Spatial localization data
........

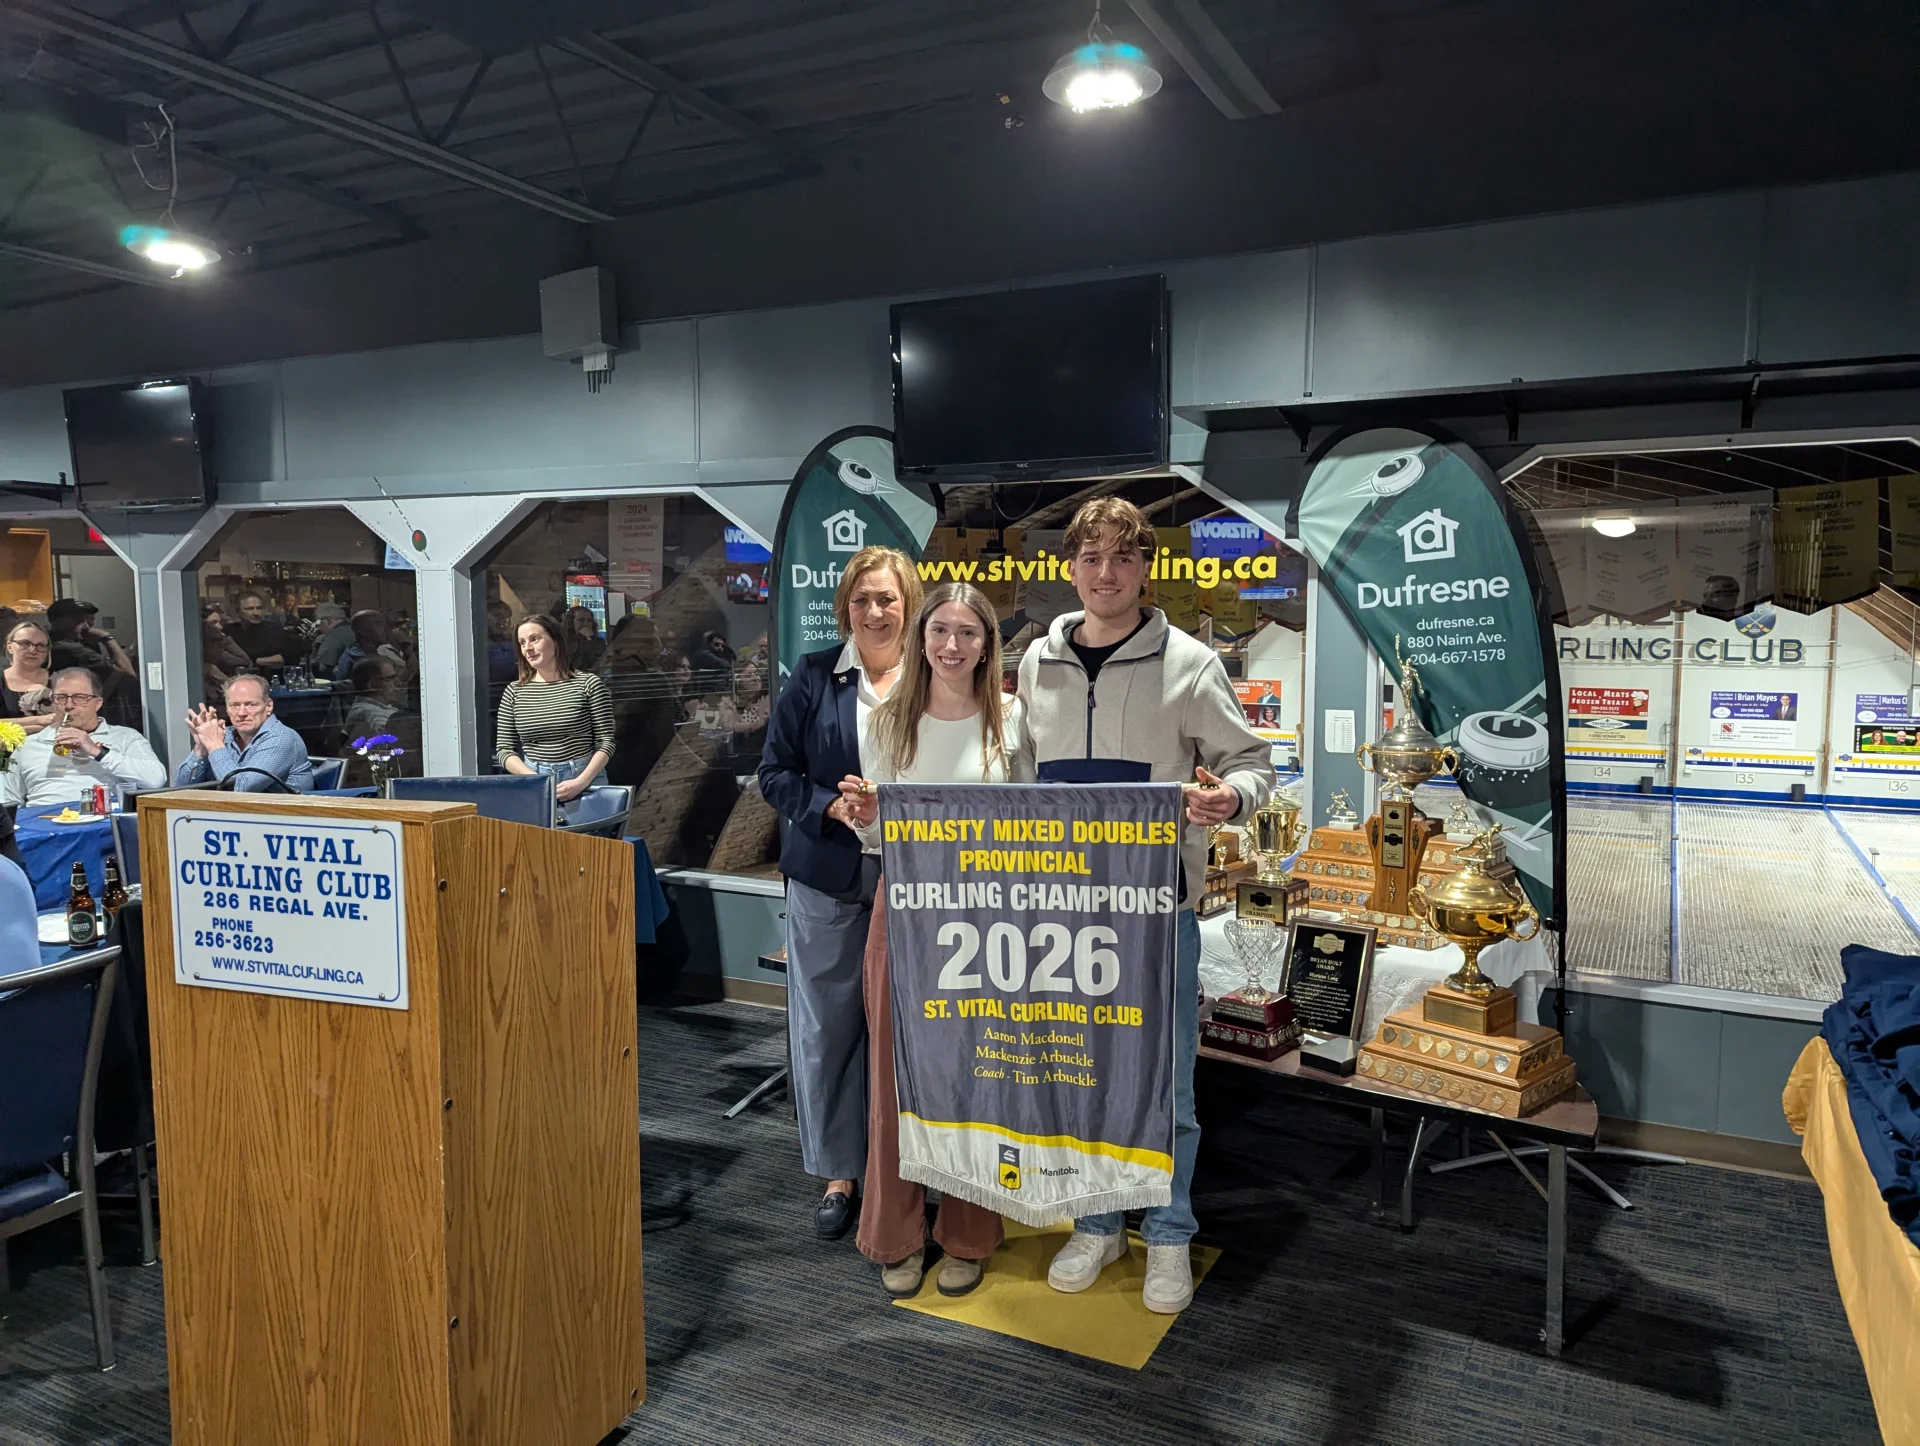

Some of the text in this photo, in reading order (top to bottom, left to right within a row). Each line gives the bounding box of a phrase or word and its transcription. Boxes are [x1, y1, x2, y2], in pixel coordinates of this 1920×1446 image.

[627, 504, 648, 514] 2024
[1358, 574, 1510, 609] Dufresne
[801, 615, 838, 626] 880 Na
[1416, 616, 1495, 631] dufresne.ca
[804, 630, 841, 641] 204-66
[1407, 632, 1507, 649] 880 Nairn Ave.
[1410, 649, 1506, 666] 204-667-1578
[1696, 638, 1803, 663] CLUB
[1738, 693, 1778, 703] Brian Mayes
[1882, 697, 1901, 705] Markus
[1594, 767, 1611, 777] 134
[1736, 774, 1754, 784] 135
[1889, 781, 1909, 792] 136
[884, 819, 1177, 845] DYNASTY MIXED DOUBLES
[204, 830, 362, 866] ST. VITAL
[960, 850, 1092, 875] PROVINCIAL
[181, 860, 392, 901] CURLING CLUB
[204, 891, 368, 921] 286 REGAL AVE.
[890, 882, 1174, 915] CURLING CHAMPIONS
[212, 918, 254, 933] PHONE
[195, 931, 274, 954] 256-3623
[937, 922, 1121, 997] 2026
[924, 999, 1143, 1026] ST. VITAL CURLING CLUB
[984, 1027, 1085, 1047] Aaron Macdonell
[976, 1046, 1094, 1068] Mackenzie Arbuckle
[974, 1066, 1005, 1080] Coach
[1013, 1070, 1039, 1085] Tim
[1043, 1072, 1097, 1087] Arbuckle
[1040, 1166, 1080, 1178] Manitoba

........

# Task brief:
Above are records with pictures; repeat them exactly, but without the pictures.

# Reply to the exercise:
Some of the text in this photo, in reading order (top to bottom, left to right within a row). Each line gives the bounding box of a phrase or word and its transcription. Boxes are [x1, y1, x2, y2], in pixel coordinates of this 1920×1446 image.

[627, 504, 648, 514] 2024
[1358, 574, 1510, 609] Dufresne
[801, 615, 838, 626] 880 Na
[1416, 616, 1495, 631] dufresne.ca
[804, 630, 841, 641] 204-66
[1407, 632, 1507, 649] 880 Nairn Ave.
[1410, 649, 1506, 666] 204-667-1578
[1696, 638, 1803, 663] CLUB
[1738, 693, 1778, 703] Brian Mayes
[1882, 697, 1901, 705] Markus
[1594, 767, 1611, 777] 134
[1736, 774, 1754, 784] 135
[1889, 781, 1909, 792] 136
[884, 819, 1177, 845] DYNASTY MIXED DOUBLES
[204, 830, 362, 866] ST. VITAL
[960, 850, 1092, 875] PROVINCIAL
[181, 860, 392, 901] CURLING CLUB
[204, 891, 368, 921] 286 REGAL AVE.
[890, 882, 1174, 915] CURLING CHAMPIONS
[212, 918, 254, 933] PHONE
[195, 931, 274, 954] 256-3623
[937, 922, 1121, 997] 2026
[924, 999, 1143, 1026] ST. VITAL CURLING CLUB
[984, 1027, 1085, 1047] Aaron Macdonell
[976, 1046, 1094, 1068] Mackenzie Arbuckle
[974, 1066, 1005, 1080] Coach
[1013, 1070, 1039, 1085] Tim
[1043, 1072, 1097, 1087] Arbuckle
[1040, 1166, 1080, 1178] Manitoba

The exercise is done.